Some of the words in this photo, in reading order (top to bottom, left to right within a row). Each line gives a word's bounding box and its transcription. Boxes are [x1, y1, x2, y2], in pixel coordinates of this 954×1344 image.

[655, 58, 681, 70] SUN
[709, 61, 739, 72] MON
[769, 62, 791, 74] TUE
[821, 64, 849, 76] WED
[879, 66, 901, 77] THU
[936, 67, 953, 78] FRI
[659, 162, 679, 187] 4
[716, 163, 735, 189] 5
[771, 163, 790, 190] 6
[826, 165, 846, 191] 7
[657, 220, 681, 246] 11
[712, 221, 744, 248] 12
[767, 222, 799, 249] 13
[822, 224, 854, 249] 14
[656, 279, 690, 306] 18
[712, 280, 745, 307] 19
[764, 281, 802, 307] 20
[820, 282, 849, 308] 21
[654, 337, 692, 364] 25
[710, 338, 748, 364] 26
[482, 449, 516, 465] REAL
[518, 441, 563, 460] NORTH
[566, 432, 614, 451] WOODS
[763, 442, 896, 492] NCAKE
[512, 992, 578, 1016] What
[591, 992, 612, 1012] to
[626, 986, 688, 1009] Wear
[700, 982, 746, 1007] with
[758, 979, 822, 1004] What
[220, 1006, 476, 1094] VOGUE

■ ■ ■ ■ ■

## WHAT TO PRODUCE
Transcribe each of the records above exactly.

## SOLUTION TO THE PROBLEM
Some of the words in this photo, in reading order (top to bottom, left to right within a row). Each line gives a word's bounding box and its transcription. Boxes are [x1, y1, x2, y2], in pixel coordinates of this 954×1344 image.

[655, 58, 681, 70] SUN
[709, 61, 739, 72] MON
[769, 62, 791, 74] TUE
[821, 64, 849, 76] WED
[879, 66, 901, 77] THU
[936, 67, 953, 78] FRI
[659, 162, 679, 187] 4
[716, 163, 735, 189] 5
[771, 163, 790, 190] 6
[826, 165, 846, 191] 7
[657, 220, 681, 246] 11
[712, 221, 744, 248] 12
[767, 222, 799, 249] 13
[822, 224, 854, 249] 14
[656, 279, 690, 306] 18
[712, 280, 745, 307] 19
[764, 281, 802, 307] 20
[820, 282, 849, 308] 21
[654, 337, 692, 364] 25
[710, 338, 748, 364] 26
[482, 449, 516, 465] REAL
[518, 441, 563, 460] NORTH
[566, 432, 614, 451] WOODS
[763, 442, 896, 492] NCAKE
[512, 992, 578, 1016] What
[591, 992, 612, 1012] to
[626, 986, 688, 1009] Wear
[700, 982, 746, 1007] with
[758, 979, 822, 1004] What
[220, 1006, 476, 1094] VOGUE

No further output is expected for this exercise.